Y a lo mejor esto no es una cualidad que importe a la gente. A lo mejor, esto no deja de ser una estupidez dicha por uno como yo, apenas un indivíduo más bien torpón y descuidado en la vida social, que deja correr el tiempo que le ha sido prestado en marear la perdiz, ocupándose en devaneos y reflexiones que nadie había pedido, cumpliendo encargos que nadie necesita, y que no están aportando utilidad ni al estómago ni al corazón del mundo real. Sé que la vida se hace sin mi: el amor, las carreteras, las estructuras vegetales que aportan oxígeno a la máquina. Y las piedras del suelo, que han visto pasar siglo tras siglo nuestras arrogancias, vanidades y sueños de cateto que reconstruye, inútil, constantemente, su palacio de protagonista de la Creación y Ombligo del Cosmos en expansión... Sé que sin mi aportación, se hace también el impulso que mueve a la gente a levantarse y encontrar sentido y crear, sabiendo o sin saber, sus vidas, las modas, las opiniones, los desórdenes que impulsan a cambiar, las adversidades, la economía... Sé que soy un átomo inaprensible en el todo. Sé que no tengo tamaño ni peso para la importancia. Pero también sé que, creyente o no creyente, soy parte de la respiración de Dios, sé que sin instrumento ni partitura, soy parte de un canto global, y ese es el impulso que a mí me levanta, vea sentido o no, tenga razón o no para ello. Soy el arquitecto de mi fe. El constructor, el jefe de obra y el peón de cualificación 9. Muchas veces y una vez más me he encontrado en la disyuntiva de aceptar soluciones parciales del mundo exterior o seguir poniendo un ladrillito cada día para construir esa fe, ese edificio que nunca se acaba, que no soluciona cosas reales ni apaga incertidumbres, pero necesita que cada segundo, cada día de mi conciencia, una hormiguita coloque un ladrillito en la hilera de mi convicción, en el cuerpo de lo que me estructura. Nadie me hace ese trabajo. Y desde el tajo, con dolor y miedo humano me despido de las soluciones terrenas que me distraerían de la empresa que me dibuja y me construye. Es mi vida.

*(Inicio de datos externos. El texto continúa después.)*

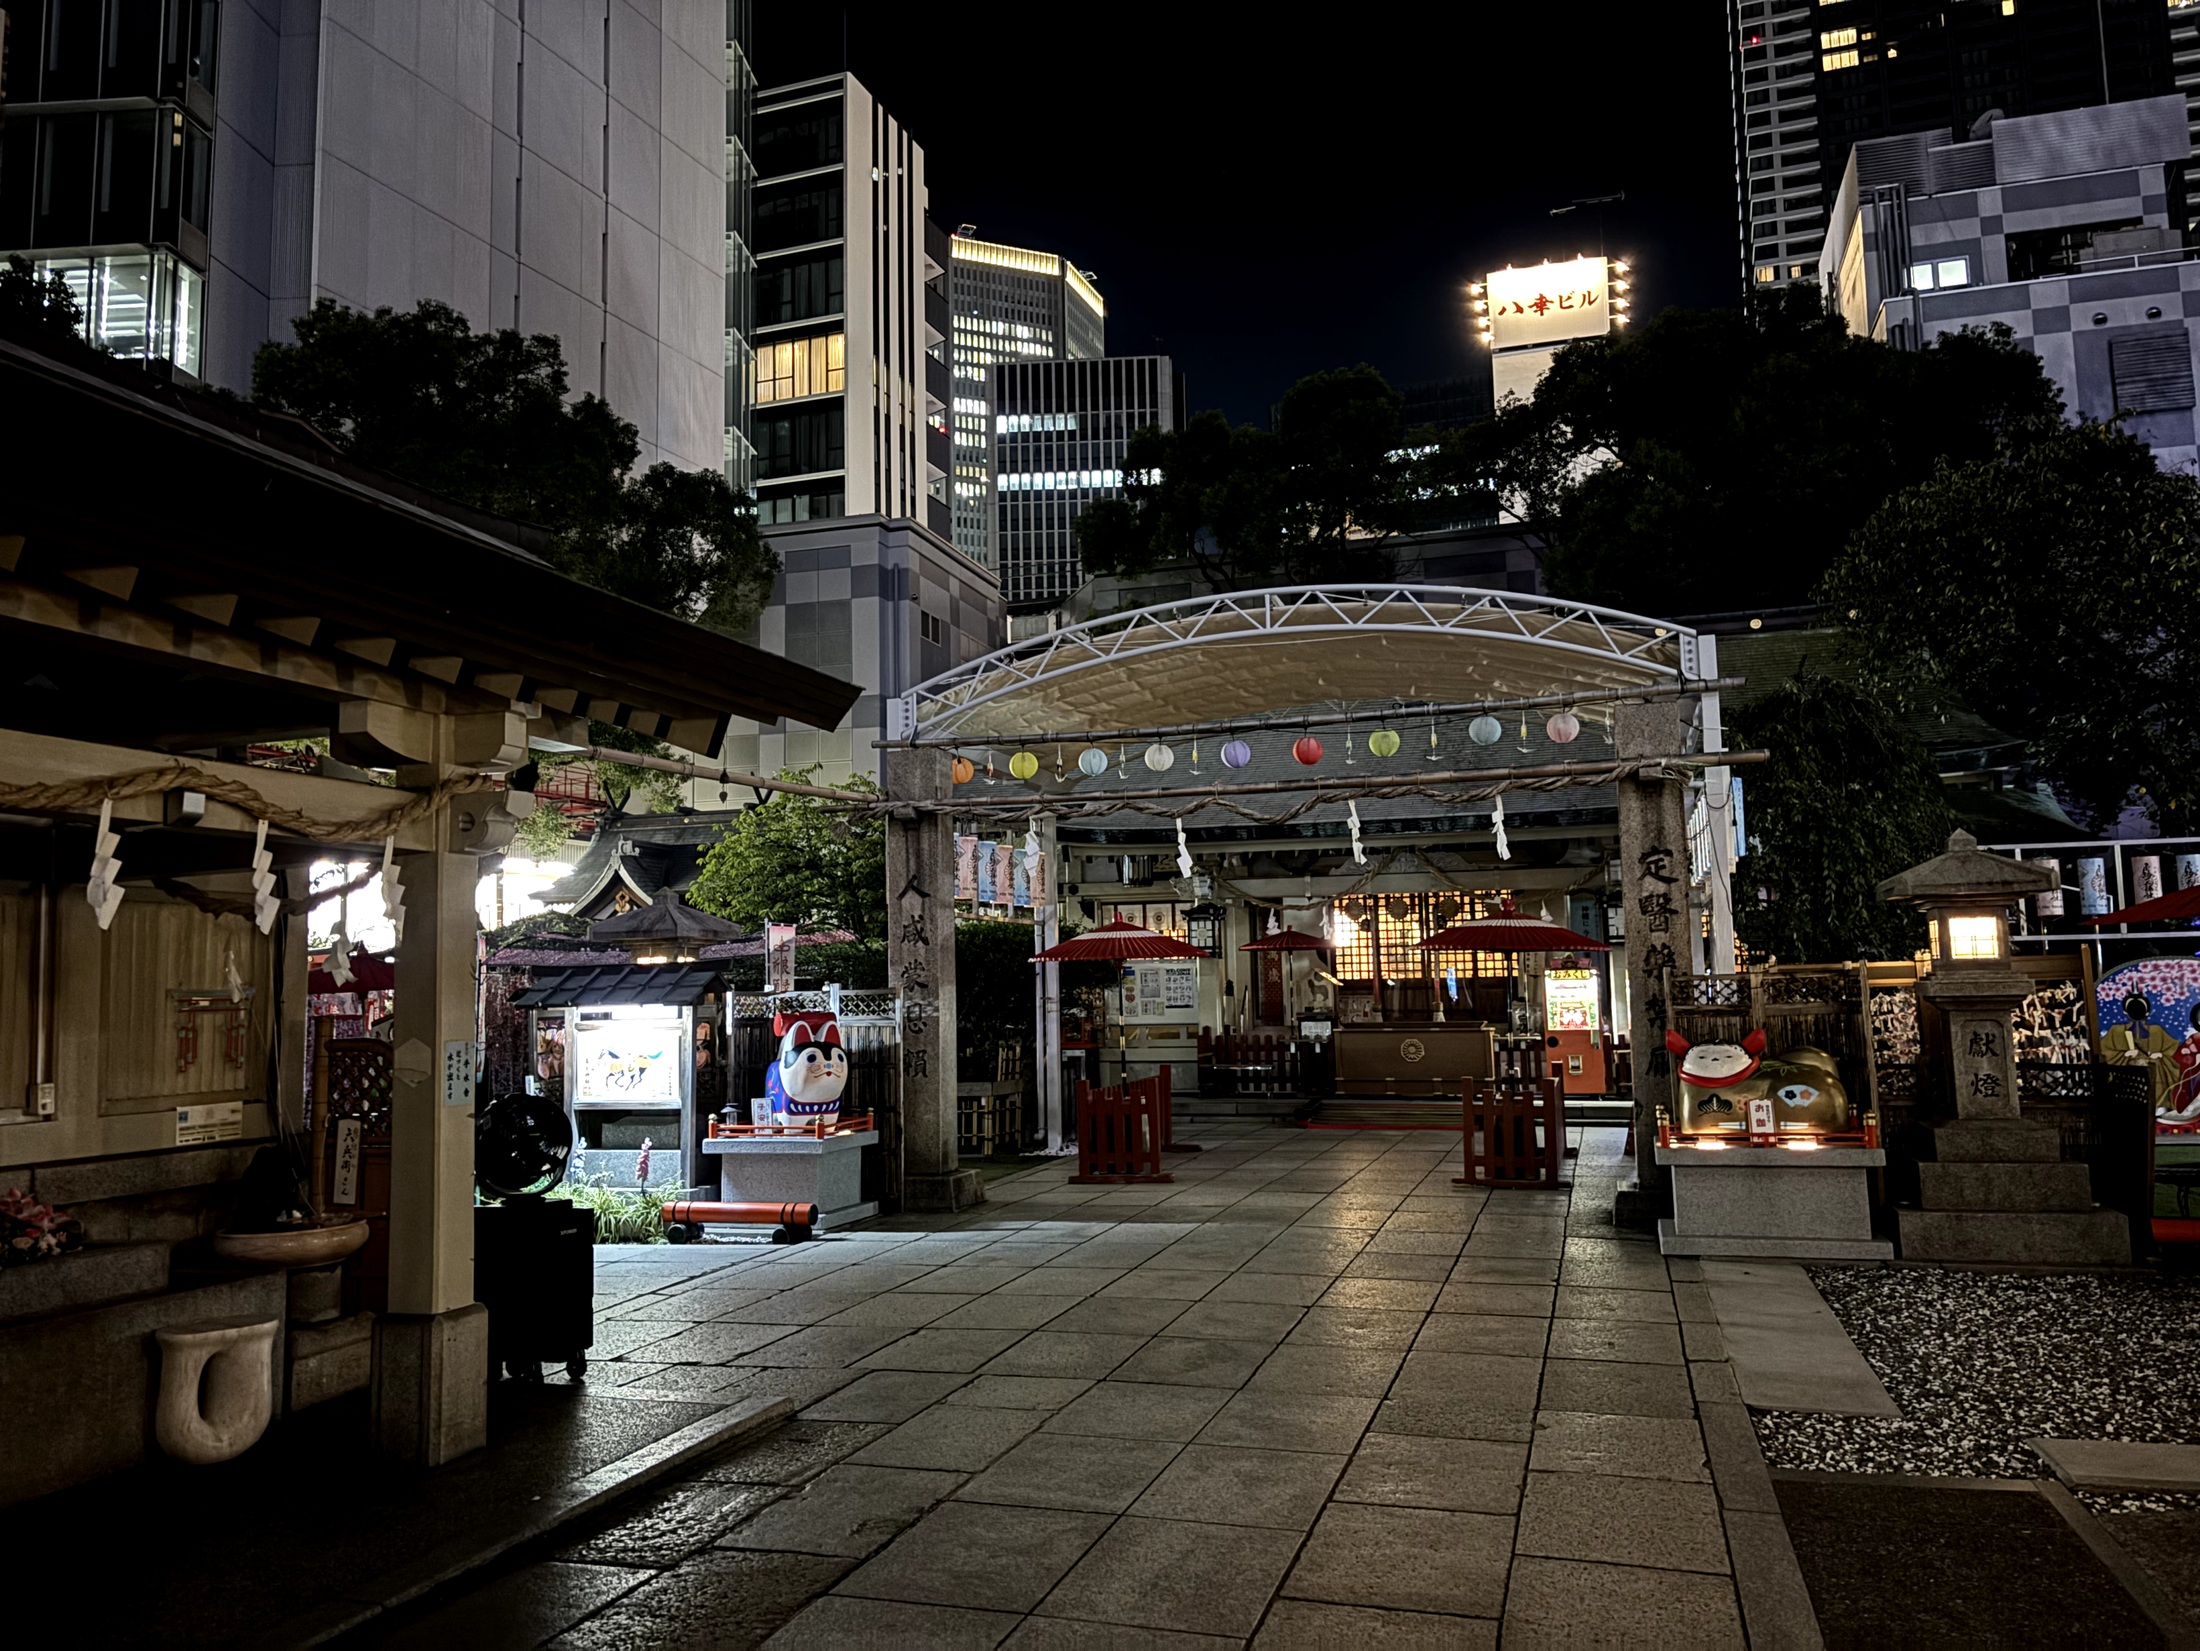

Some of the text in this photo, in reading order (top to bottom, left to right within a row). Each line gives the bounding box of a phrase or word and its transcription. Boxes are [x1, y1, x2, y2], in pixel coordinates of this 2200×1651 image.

También es tu vida. Y pienso que de alguna manera, algún día la vida real va a necesitar algo de la fe que nunca terminaremos de construir. Y yo quiero ese día tener la nevera llena, y agasajar a todo el que venga, y colmarle con lo mejor que tenga, aunque sólo consiga un segundo de su comprensión... Es mi vida. Tú lo sabes. Y si soy yo, en mi isla que nadie sabe o quiere encontrar, en mi opacidad reconcentrada, el que puede encontrar sentido y partitura en los ruidos del mundo externo, si sólo soy yo el que puede decir estas cosas con cierto tono de honestidad y veracidad hacia mí mismo, si soy yo el único que puede dar a mi vida un mínimo sabor a convicción, también soy yo el único que tiene en su mano el desterrar mis miedos.

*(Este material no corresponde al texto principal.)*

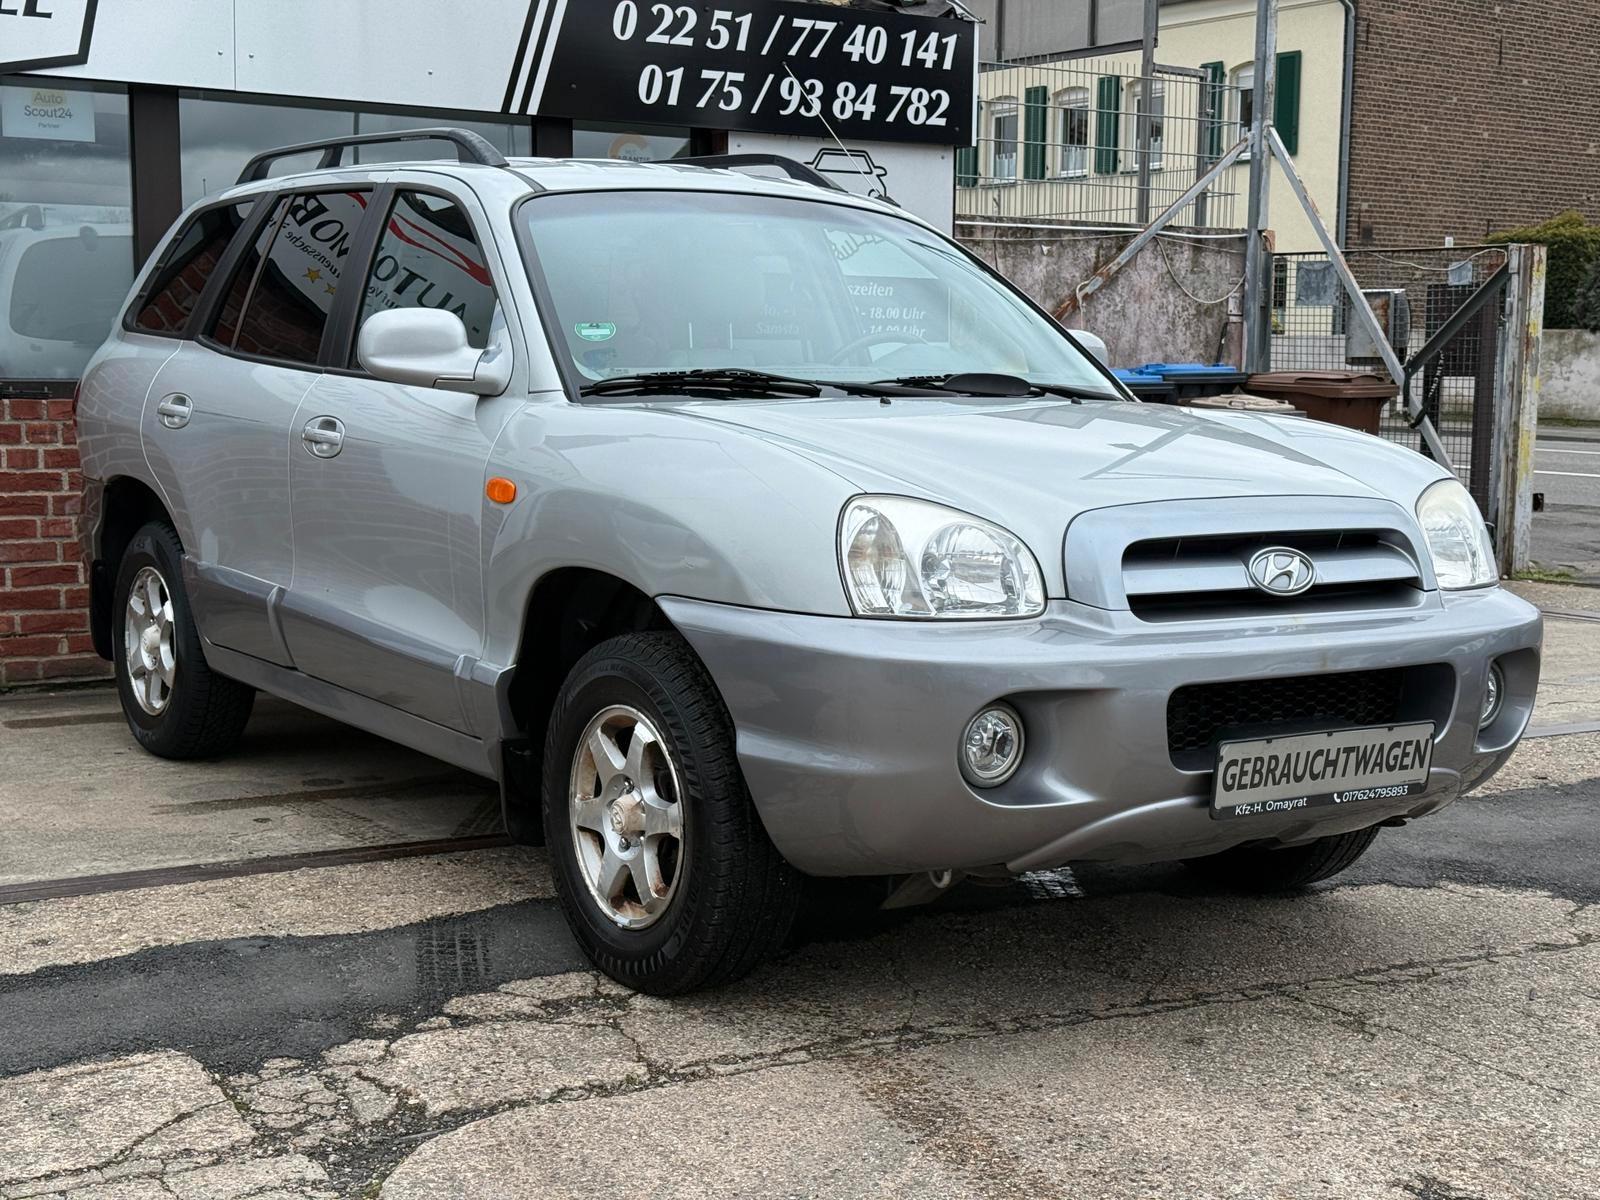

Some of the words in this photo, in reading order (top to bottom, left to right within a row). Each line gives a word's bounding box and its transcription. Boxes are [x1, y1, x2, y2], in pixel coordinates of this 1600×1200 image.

[612, 0, 638, 41] 0
[645, 3, 698, 47] 22
[705, 9, 752, 51] 51
[788, 17, 838, 58] 77
[842, 25, 888, 64] 40
[900, 29, 959, 70] 141
[33, 91, 64, 105] Auto
[638, 64, 685, 105] 01
[696, 69, 745, 111] 75
[779, 76, 824, 117] 93
[832, 81, 878, 121] 84
[885, 86, 950, 126] 782
[24, 104, 73, 119] Scout24
[870, 307, 900, 319] 18.00
[903, 307, 926, 319] Uhr
[1222, 739, 1429, 792] GEBRAUCHTWAGEN
[1235, 802, 1263, 816] Kfz-H.
[1266, 797, 1307, 811] Omayrat
[1343, 786, 1408, 802] 017624795893

Y ahora, con un punto de callado temor y humana ignorancia, me aplico simplemente a respirar con las cosas, a ver si consigo que lleguemos a respirar a compás, las cosas y yo, a ver si, sin salir de mi isla, me acepta la sinfonía global. Así, por alguna matemática divina que no cabe en mi mente pero ensancha mi corazón, creo que voy a ganarle al miedo inexplicado de llegar a verme como algo extraño a tu piel, a tu estructura, al miedo a ser un estorbo en tu camino, una rémora, un peso muerto que se beneficie de la fuerza de tu aliento sin colaborar nada a lo que tu alma, con divina convicción, construye.

Con el valor de un ignorante deslenguado, sé que desterrar ese miedo, al tiempo que me mantengo ocupado en el levantamiento de mi fe, me va a colocar delante de ti con mi máxima belleza y dignidad, mi mejor estructura.

Y siguiendo esa matemática imprecisa, eso va a mostrarme como alguien digno de tu compañía.